• [TO DO]
Could you please retype all of the records exactly, skipping any pictures?

─── RECORDS PROVIDED

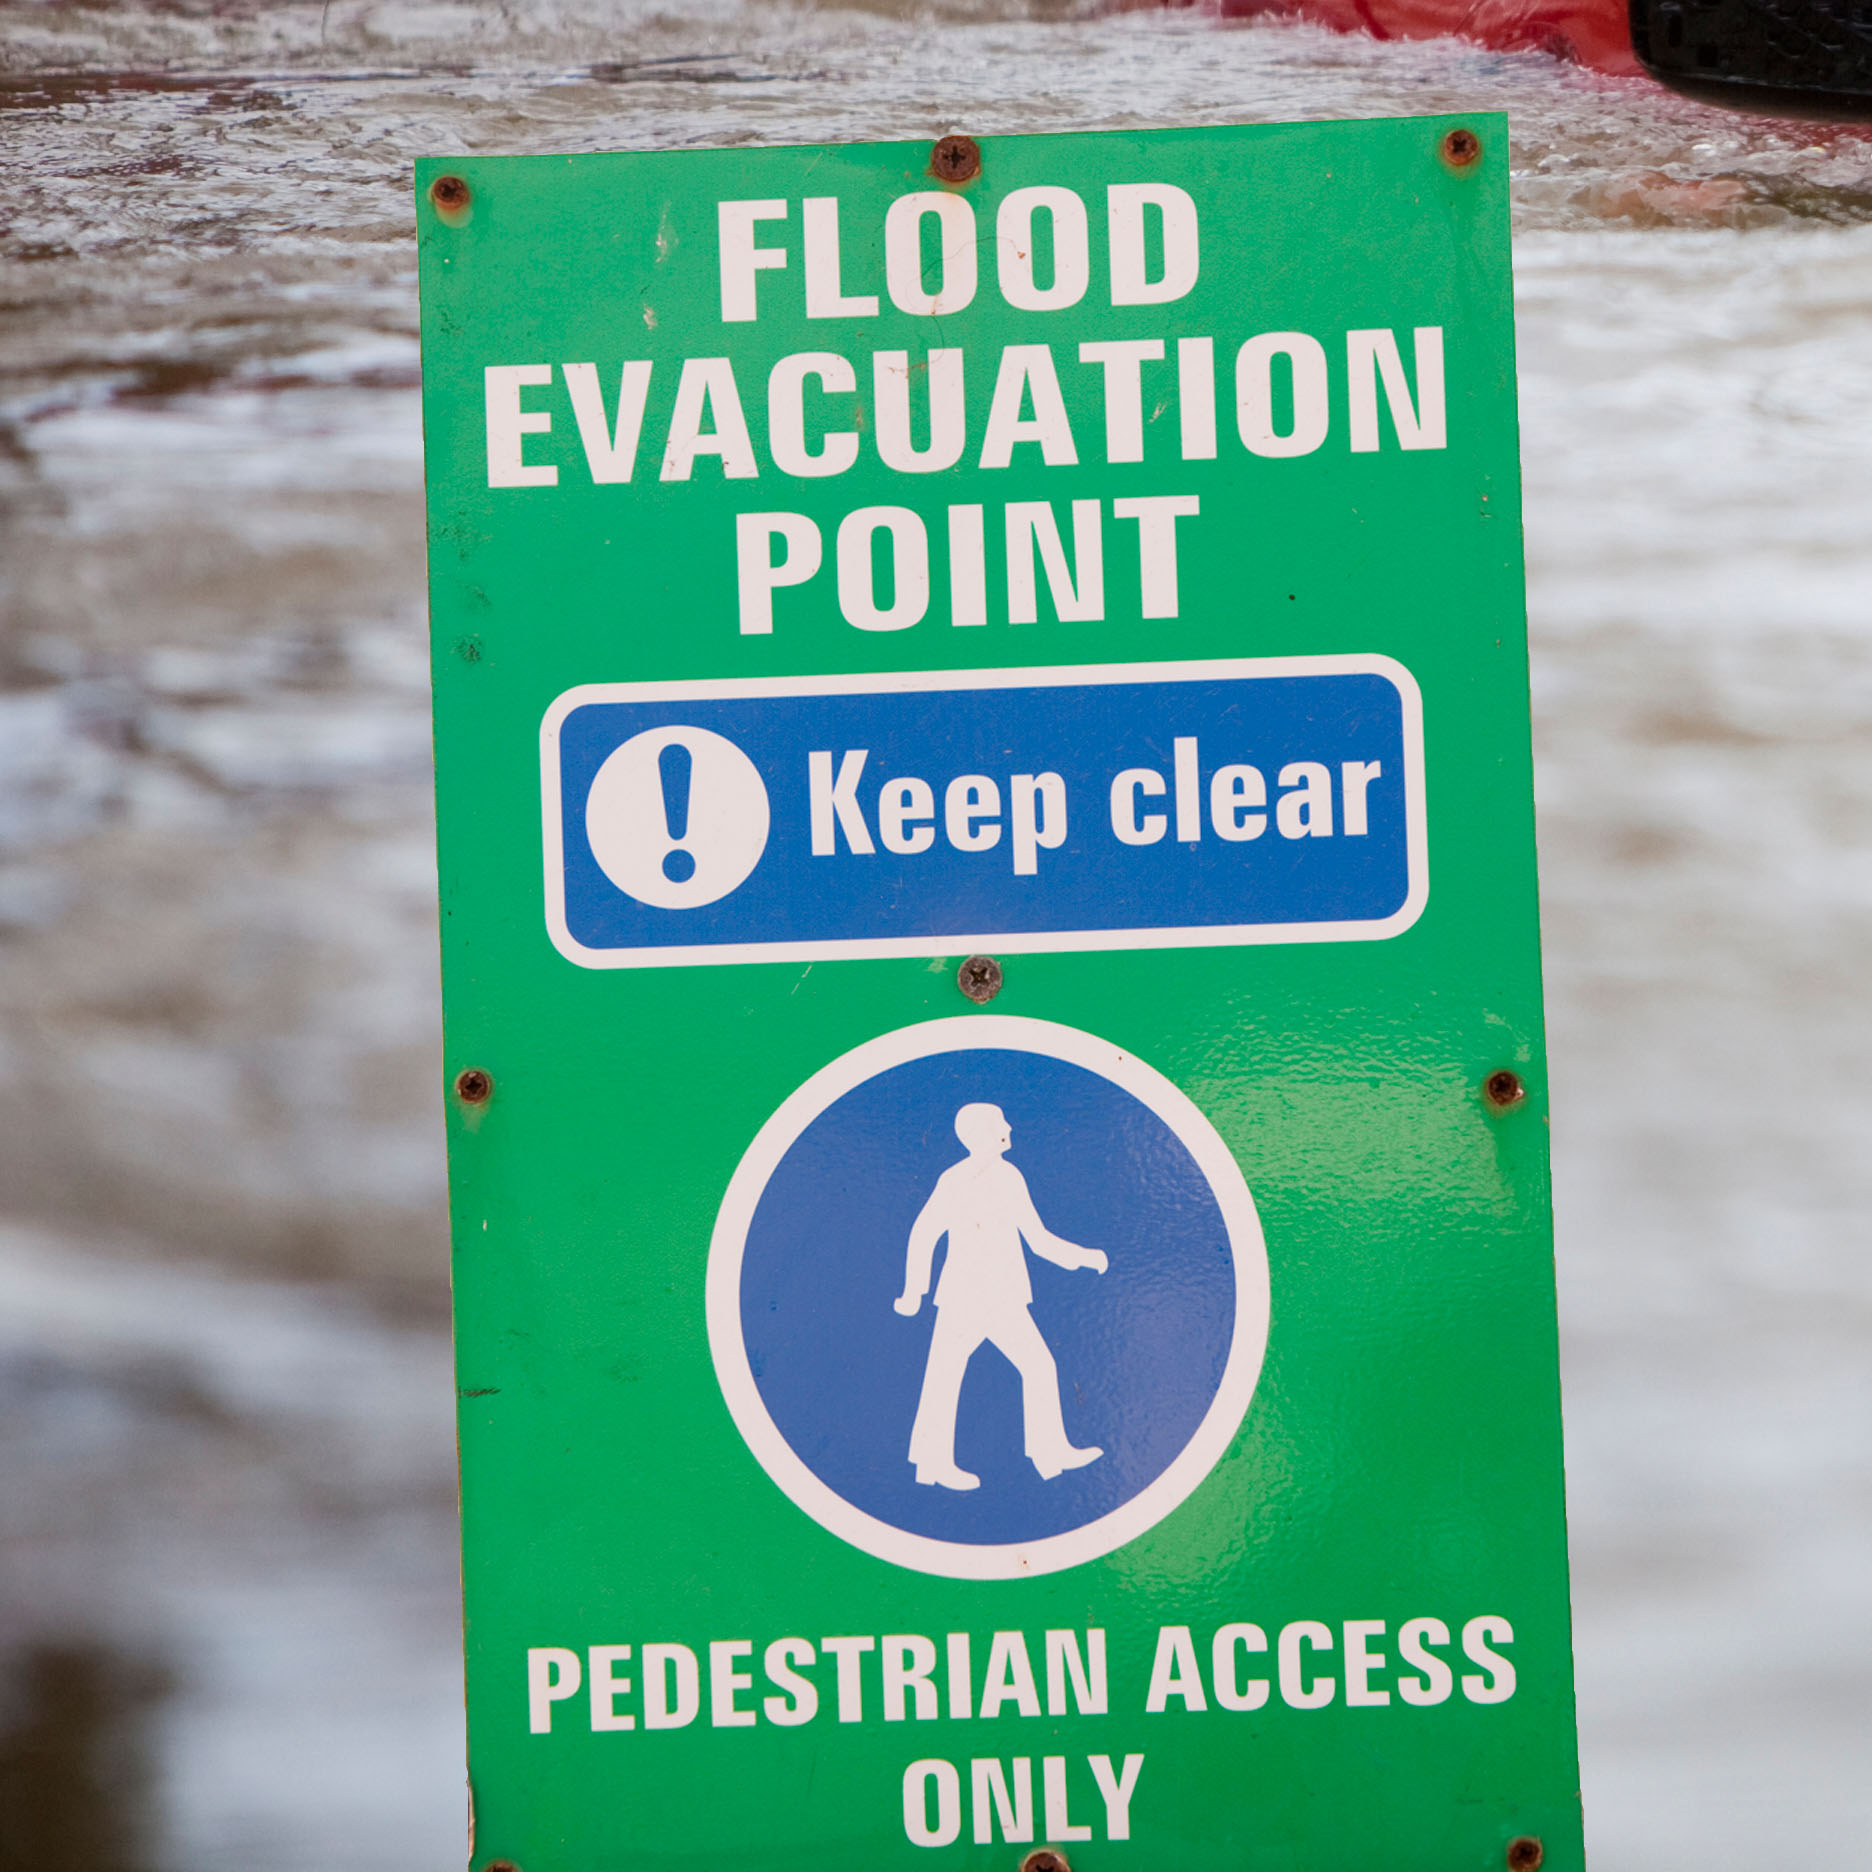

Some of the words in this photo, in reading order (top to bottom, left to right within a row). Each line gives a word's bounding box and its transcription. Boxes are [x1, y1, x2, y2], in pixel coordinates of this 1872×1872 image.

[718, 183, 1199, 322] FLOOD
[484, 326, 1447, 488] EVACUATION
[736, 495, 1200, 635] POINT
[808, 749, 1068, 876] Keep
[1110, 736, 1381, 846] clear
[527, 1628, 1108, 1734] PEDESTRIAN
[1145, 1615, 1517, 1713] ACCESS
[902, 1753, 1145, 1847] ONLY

──────

• [WRITTEN ANSWER]
Some of the words in this photo, in reading order (top to bottom, left to right within a row). Each line gives a word's bounding box and its transcription. Boxes are [x1, y1, x2, y2], in pixel coordinates of this 1872×1872 image.

[718, 183, 1199, 322] FLOOD
[484, 326, 1447, 488] EVACUATION
[736, 495, 1200, 635] POINT
[808, 749, 1068, 876] Keep
[1110, 736, 1381, 846] clear
[527, 1628, 1108, 1734] PEDESTRIAN
[1145, 1615, 1517, 1713] ACCESS
[902, 1753, 1145, 1847] ONLY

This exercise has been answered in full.